Cairn Terrier Temperament
What's Good About 'Em,
What's Bad About 'Em
Cairn Terrier Temperament, Personality, Behavior, Traits, and Characteristics, by Michele Welton. Copyright © 2000-2013
When most people hear the word terrier, they picture Toto, the Cairn Terrier in The Wizard of Oz -- and rightfully so, because this sturdy little dog breed is everything a terrier was designed to be: strong, hardy, up on his toes, confident, plucky, and spirited.

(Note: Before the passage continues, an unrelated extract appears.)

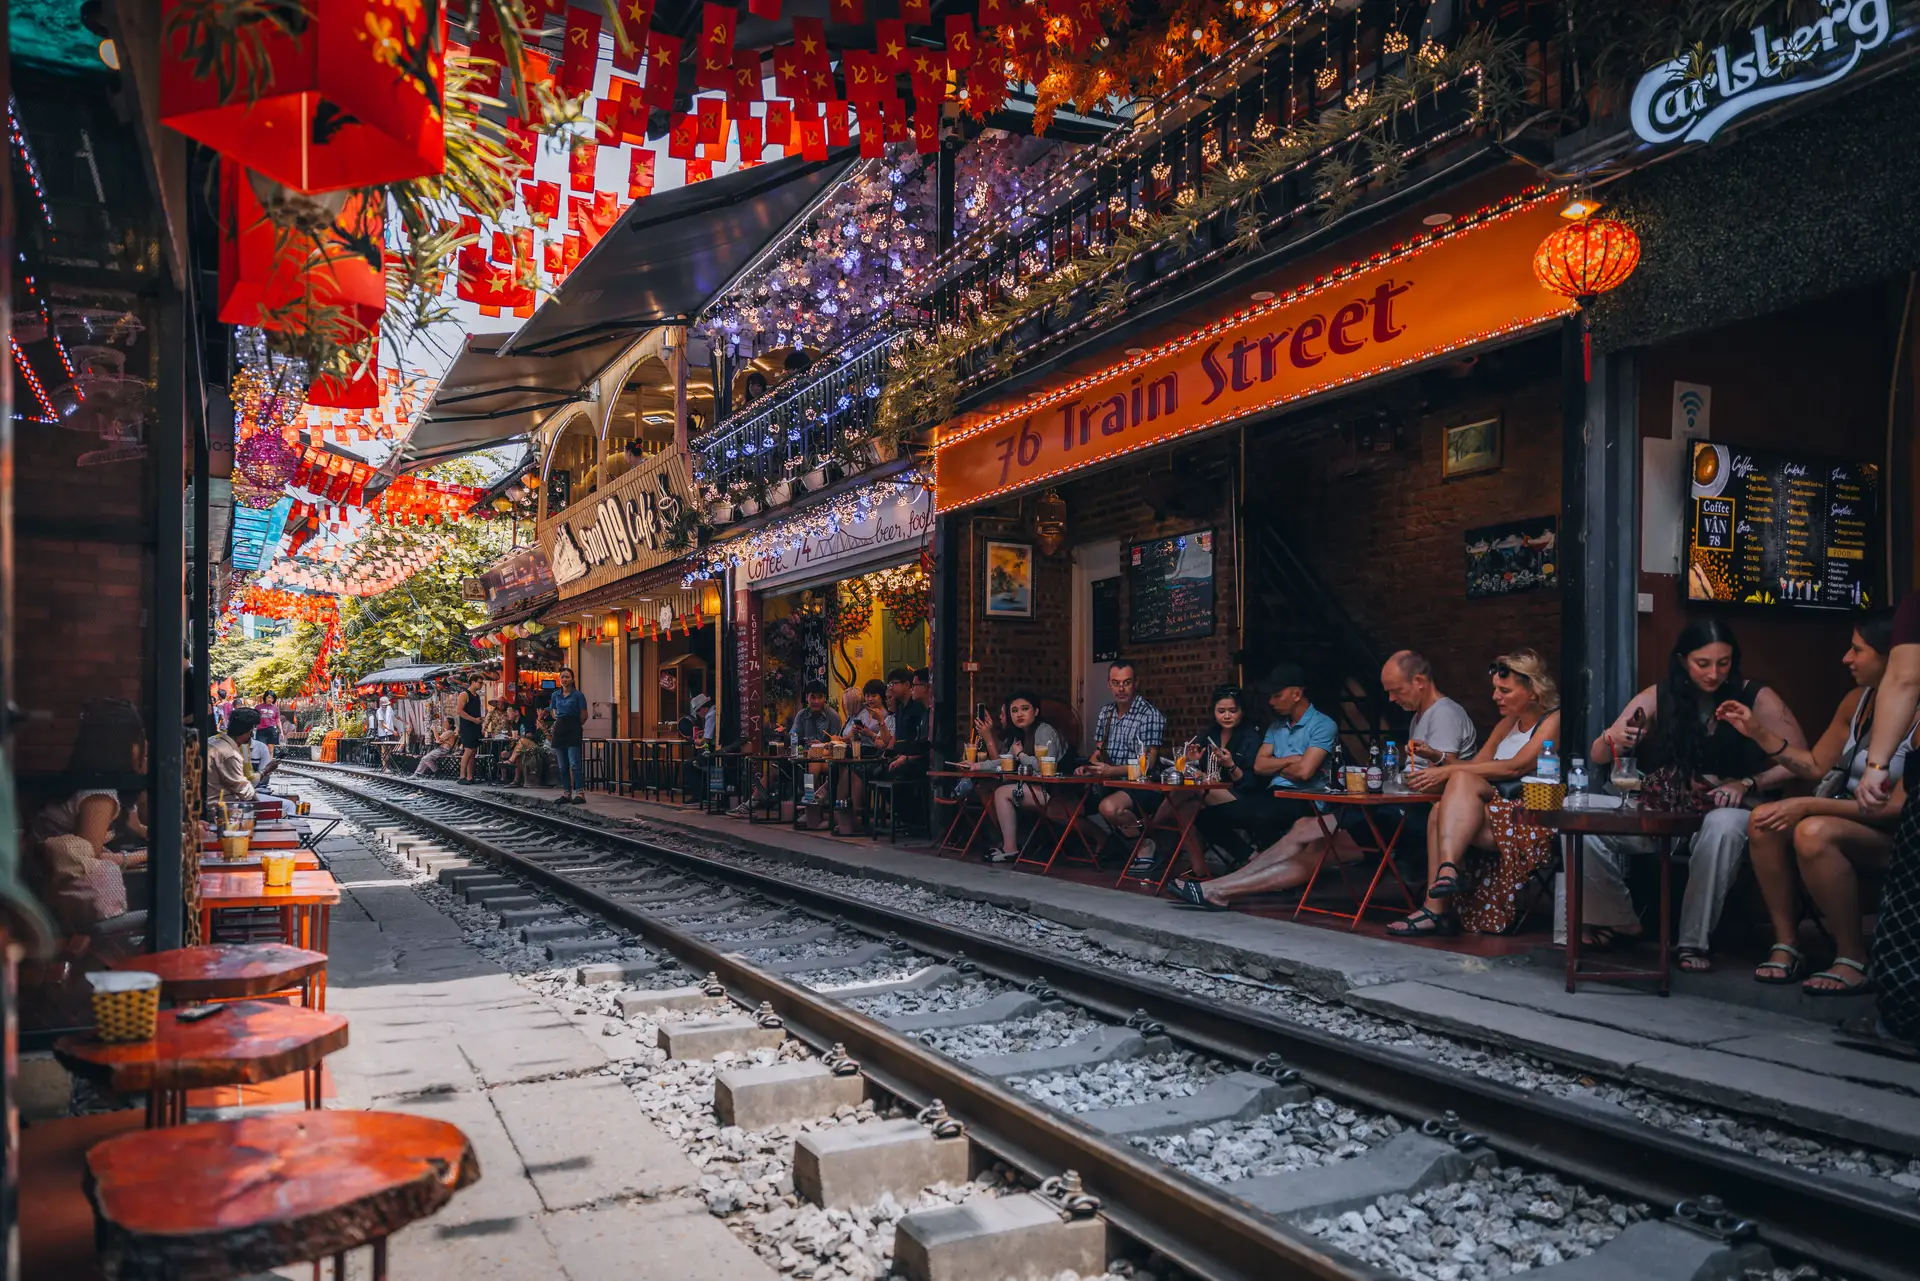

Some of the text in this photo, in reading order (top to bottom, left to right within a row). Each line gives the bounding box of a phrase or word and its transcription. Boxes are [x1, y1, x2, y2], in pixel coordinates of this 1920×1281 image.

The Cairn Terrier loves to play and needs his daily walks, but is adaptable to any home in which he can be a full participant and busybody and where his bold terrier traits are kept under control.
Adult Cairn Terriers may be friendly or reserved with strangers, but are always alert and quick to announce guests.
This breed can be scrappy and bossy with other pets, but will co-exist with them more readily than some other terriers. However, strange animals may be a different story, as the Cairn Terrier was bred to hunt and will chase anything that moves.
He is inquisitive, so a leash or fenced yard is essential at all times.
Assertive but cheerful, with typical terrier stubbornness, the Cairn Terrier must be shown that you are in charge. He does respond well to consistent discipline and to obedience training that focuses on treats and praise.
Cairn Terriers can be possessive of their food and toys. And being respectable terriers, they are enthusiastic diggers and barkers.
If you want a dog who...
- Is small, yet sturdy and tough -- not a delicate lapdog
- Has a natural appearance
- Needs only moderate exercise
- Makes a keen watchdog
- Doesn't shed too much
- Co-exists with other pets more willingly than some other terriers
A Cairn Terrier may be right for you.
If you don't want to deal with...
- The dynamic terrier temperament (see full description below)
- Potential aggression toward other animals -- strong chasing instincts
- Digging holes
- Regular brushing and clipping
- A considerable number of potential health problems
A Cairn Terrier may not be right for you.
- choosing the RIGHT breeder and the RIGHT puppy
- or choosing an ADULT dog from your animal shelter or rescue group – a dog who has already proven that he doesn't have negative traits
- training your dog to respect you
- avoiding health problems by following my daily care program in 11 Things You Must Do Right To Keep Your Dog Healthy and Happy
More traits and characteristics of the Cairn Terrier
If I was considering a Cairn Terrier, I would be most concerned about...
- The dynamic terrier temperament. Most terrier breeds are remarkably similar. The same words are used over and over -- quick to bark, quick to chase, lively, bossy, feisty, scrappy, clever, independent, stubborn, persistent, impulsive, intense. Terriers cannot be trusted off-leash -- they are too likely to "take off", oblivious to your frantic shouts, after anything that runs.
- Possible animal aggression. Cairn Terriers are often more tolerant toward other dogs and cats than many other terriers are, especially dogs and cats who belong to their own family. However, many Cairn Terriers are still dominant or aggressive toward strange dogs and have strong instincts to chase and seize small fleeing creatures.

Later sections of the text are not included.